Could you repeat the data word for word while skipping the pictures?

▸ Annotated photo localization data
● ● ● ● ●

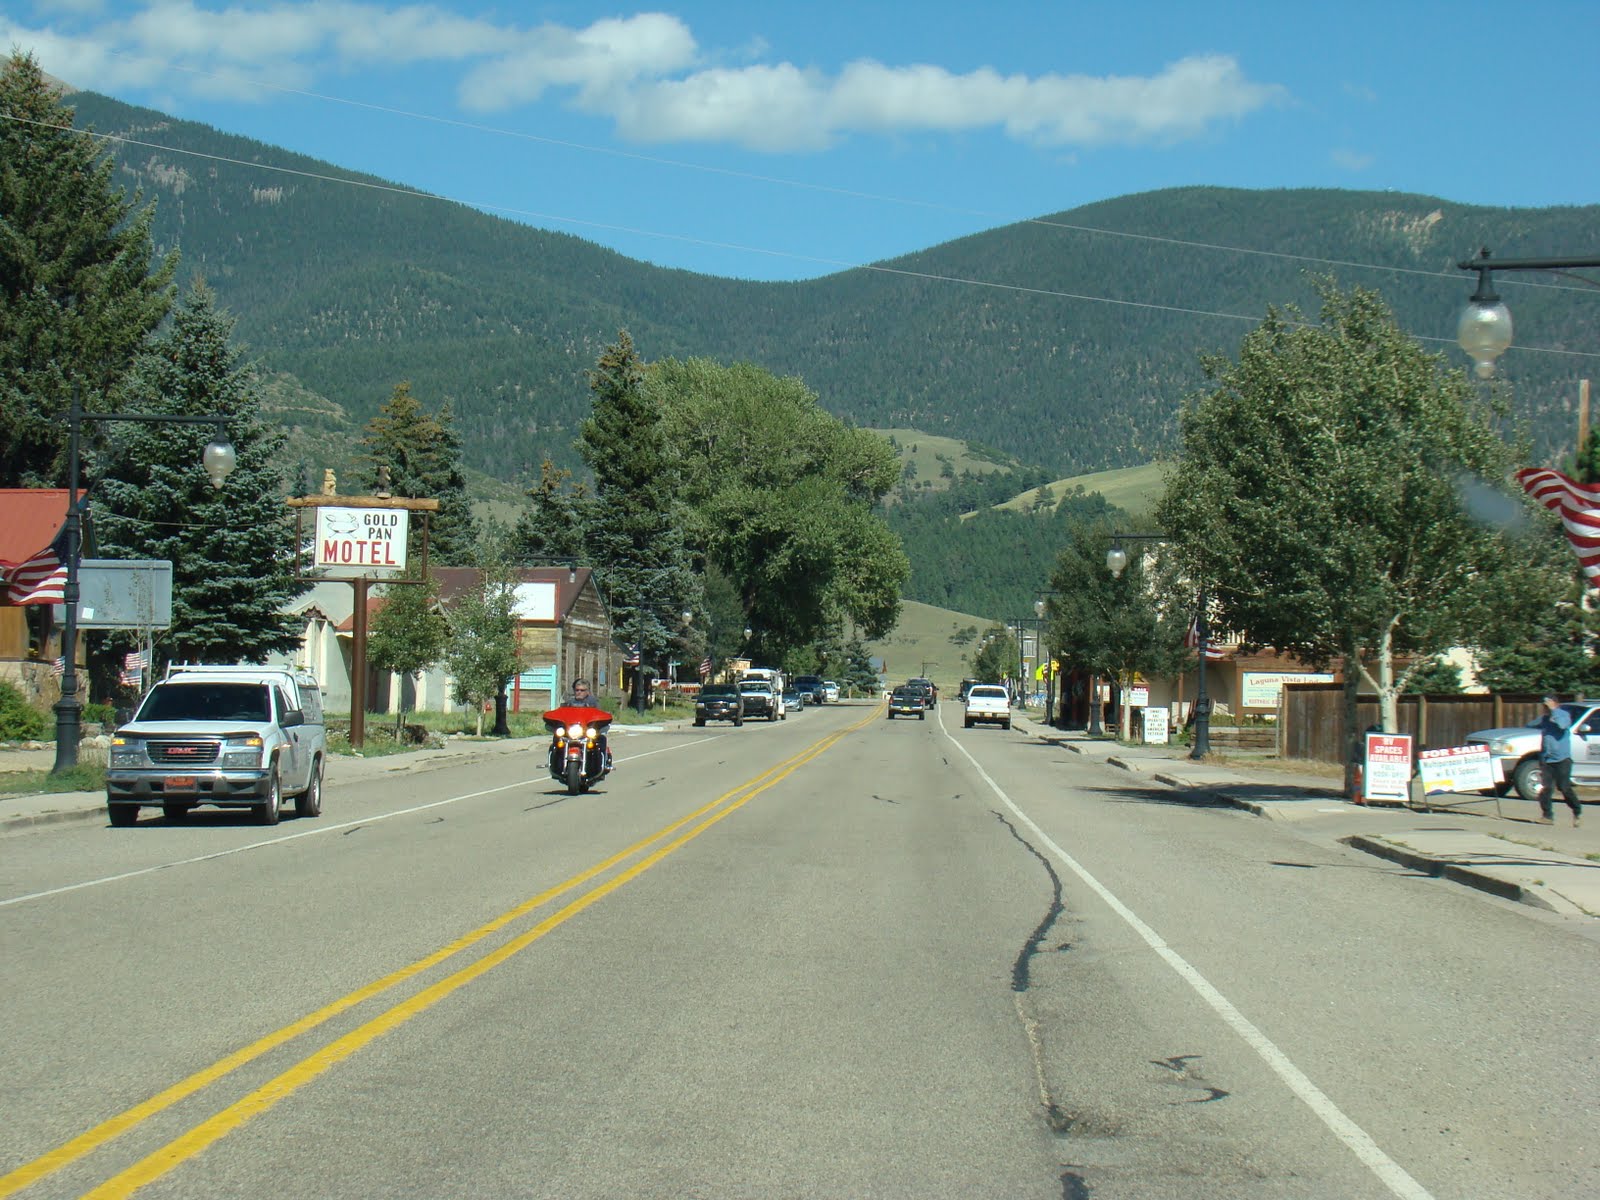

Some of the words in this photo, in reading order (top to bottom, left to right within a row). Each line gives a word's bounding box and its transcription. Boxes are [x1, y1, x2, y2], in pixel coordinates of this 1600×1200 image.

[364, 514, 398, 527] GOLD
[368, 527, 392, 540] PAN
[323, 540, 396, 565] MOTEL
[1250, 678, 1279, 686] Laguna
[1281, 675, 1301, 683] Vista
[1375, 745, 1403, 755] SPACES
[1423, 748, 1449, 759] FOR
[1453, 744, 1486, 755] SALE
[1370, 754, 1409, 764] AVAILABLE
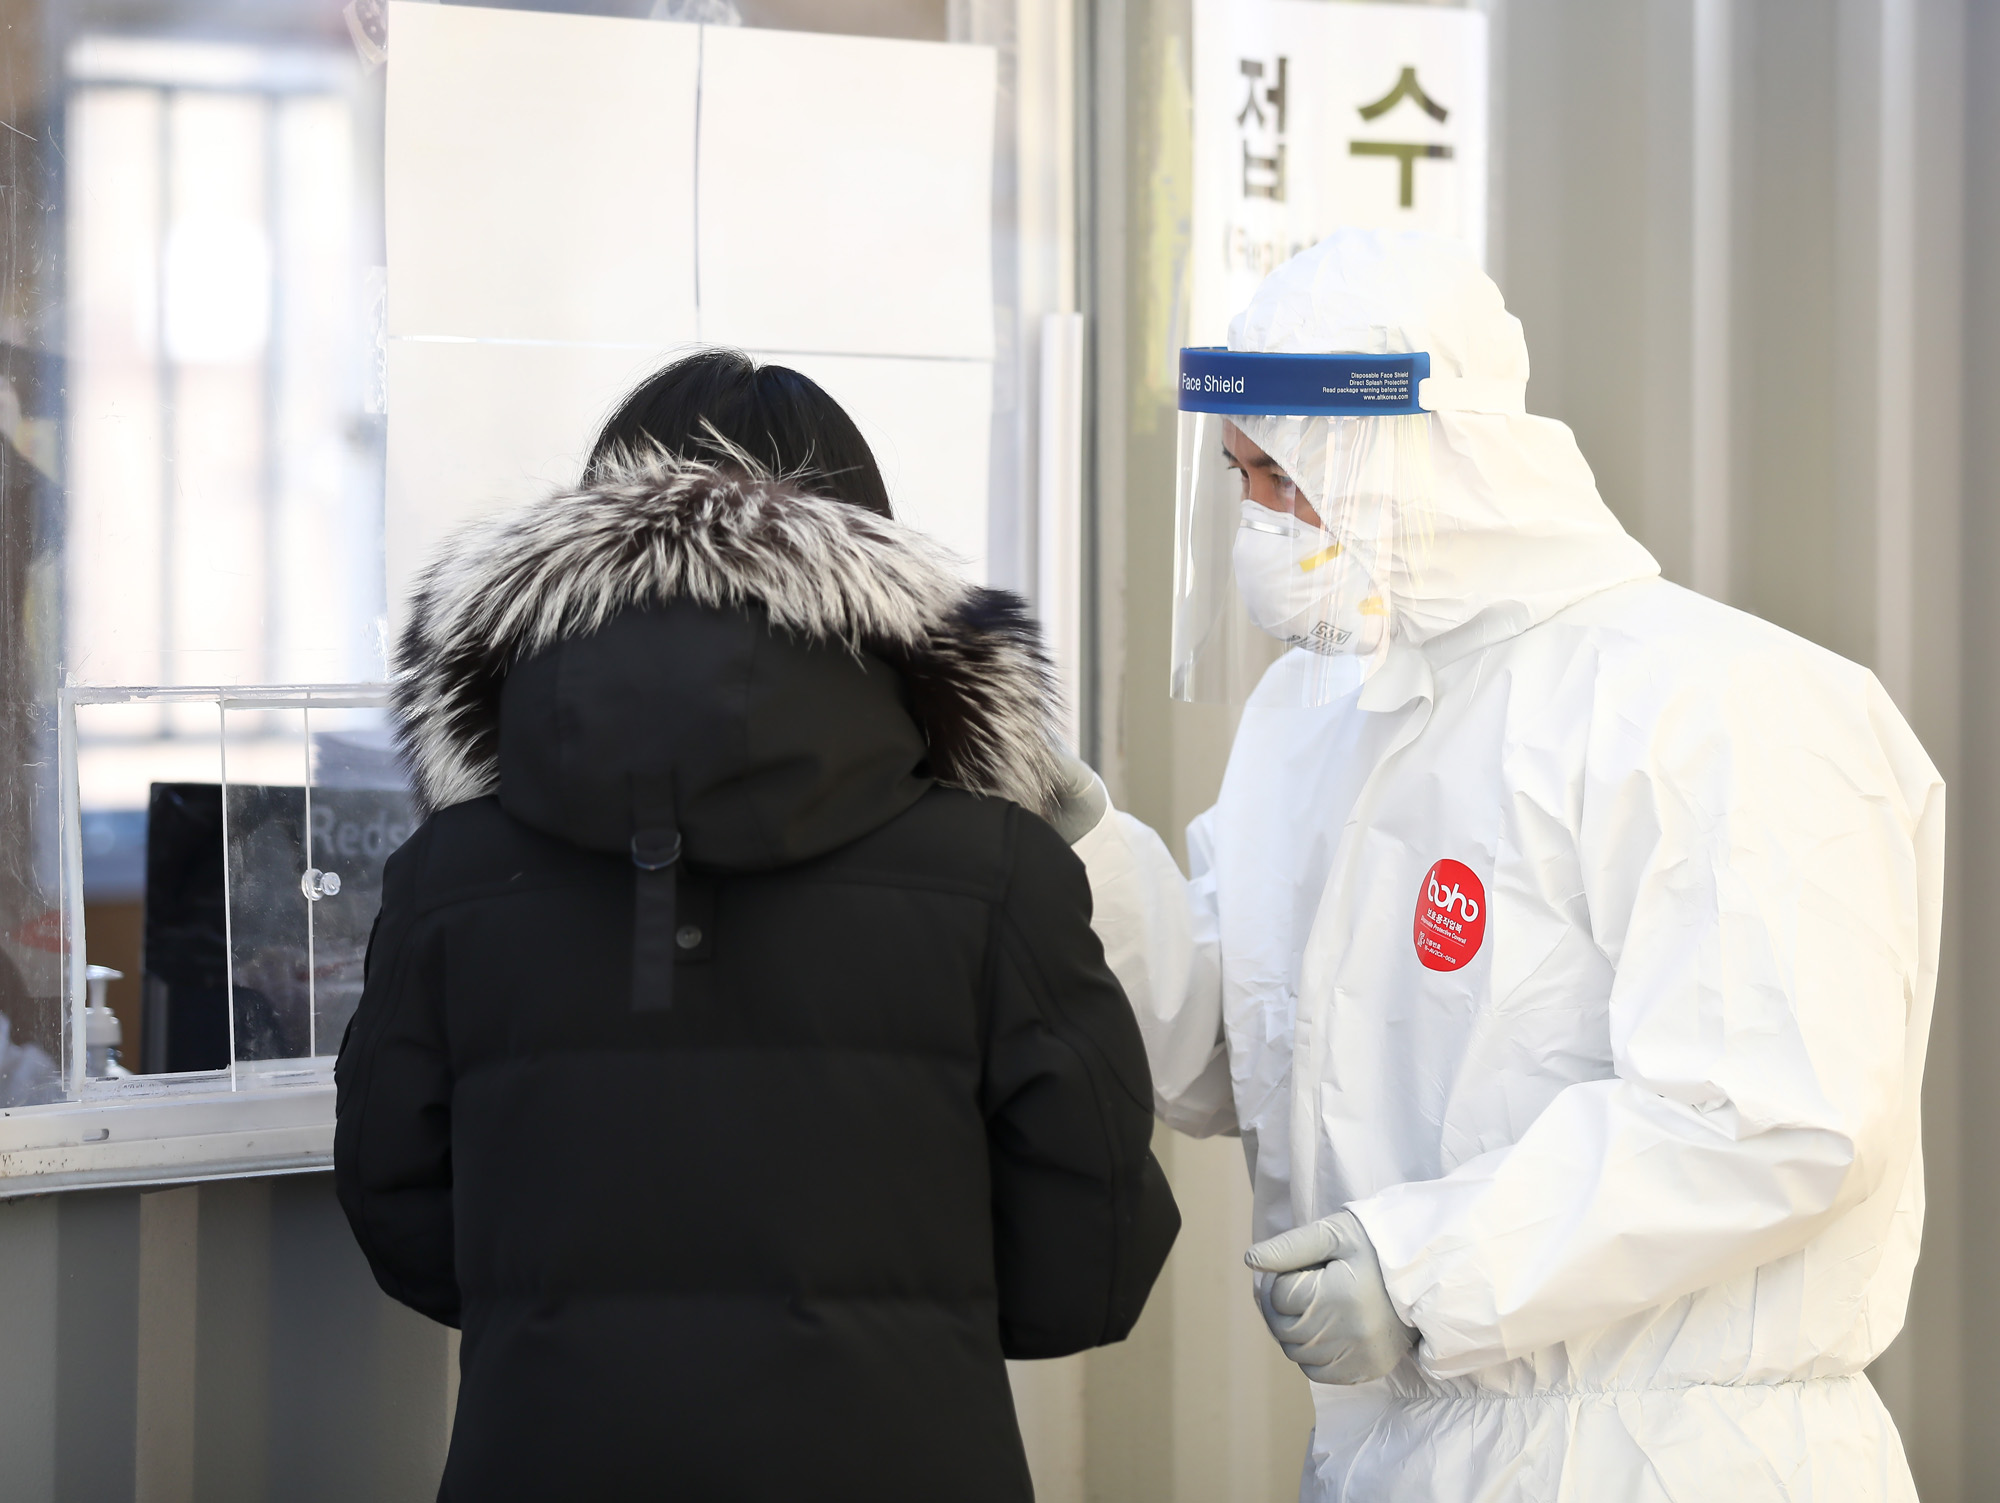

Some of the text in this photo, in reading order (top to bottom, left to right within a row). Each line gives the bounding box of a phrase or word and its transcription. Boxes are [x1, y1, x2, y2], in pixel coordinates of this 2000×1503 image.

[1237, 56, 1454, 209] 접 수
[1182, 372, 1245, 394] Face Shield
[1365, 379, 1383, 387] Splash
[1380, 371, 1393, 379] Face
[1428, 870, 1479, 922] boho
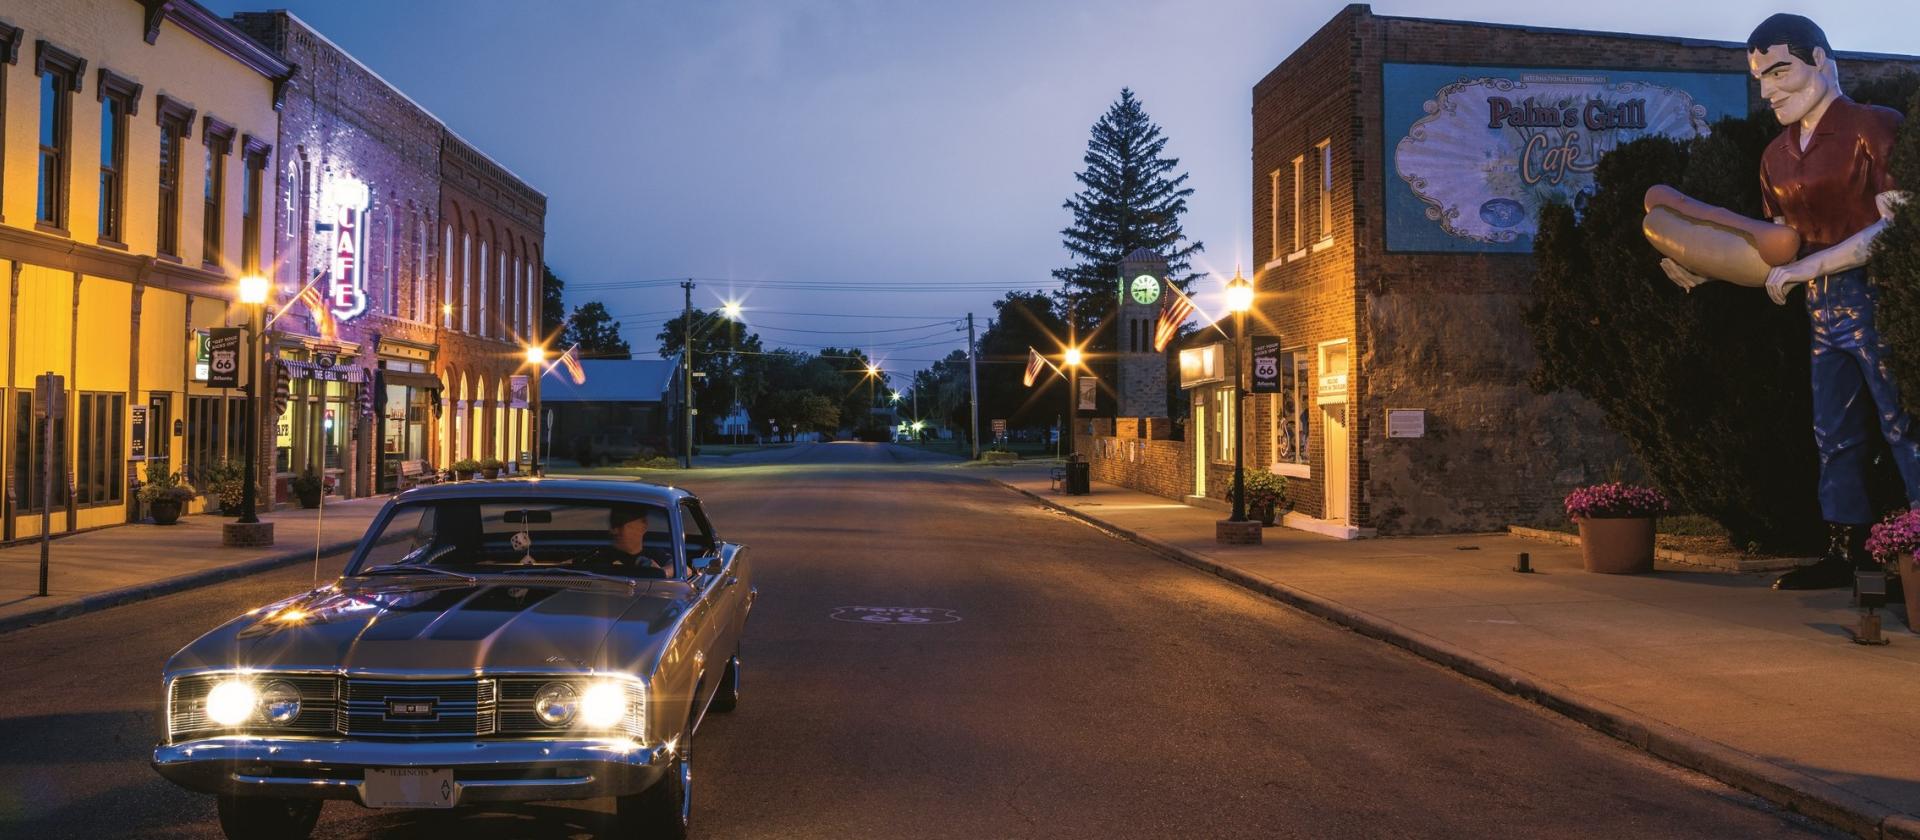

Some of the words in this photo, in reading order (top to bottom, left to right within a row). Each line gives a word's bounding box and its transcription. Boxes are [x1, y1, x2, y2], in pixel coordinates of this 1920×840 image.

[1487, 97, 1578, 128] Palm's
[1584, 99, 1648, 130] Grill
[1521, 132, 1599, 185] Cafe
[336, 204, 354, 306] CAFE
[216, 360, 232, 369] 66
[314, 369, 324, 380] THE
[325, 371, 337, 381] GRILL
[1259, 366, 1274, 375] 66
[861, 614, 931, 622] 66
[390, 768, 429, 777] ILLINOIS

● ● ● ● ●

▸ Task result
Some of the words in this photo, in reading order (top to bottom, left to right within a row). Each line gives a word's bounding box and its transcription. Boxes are [x1, y1, x2, y2], in pixel coordinates of this 1600×1200 image.

[364, 514, 398, 527] GOLD
[368, 527, 392, 540] PAN
[323, 540, 396, 565] MOTEL
[1250, 678, 1279, 686] Laguna
[1281, 675, 1301, 683] Vista
[1375, 745, 1403, 755] SPACES
[1423, 748, 1449, 759] FOR
[1453, 744, 1486, 755] SALE
[1370, 754, 1409, 764] AVAILABLE

Some of the text in this photo, in reading order (top to bottom, left to right within a row). Each line gives the bounding box of a phrase or word and its transcription. Boxes are [x1, y1, x2, y2], in pixel coordinates of this 2000×1503 image.

[1237, 56, 1454, 209] 접 수
[1182, 372, 1245, 394] Face Shield
[1365, 379, 1383, 387] Splash
[1380, 371, 1393, 379] Face
[1428, 870, 1479, 922] boho

Some of the words in this photo, in reading order (top to bottom, left to right within a row). Each line gives a word's bounding box and its transcription. Boxes are [x1, y1, x2, y2], in pixel coordinates of this 1920×840 image.

[1487, 97, 1578, 128] Palm's
[1584, 99, 1648, 130] Grill
[1521, 132, 1599, 185] Cafe
[336, 204, 354, 306] CAFE
[216, 360, 232, 369] 66
[314, 369, 324, 380] THE
[325, 371, 337, 381] GRILL
[1259, 366, 1274, 375] 66
[861, 614, 931, 622] 66
[390, 768, 429, 777] ILLINOIS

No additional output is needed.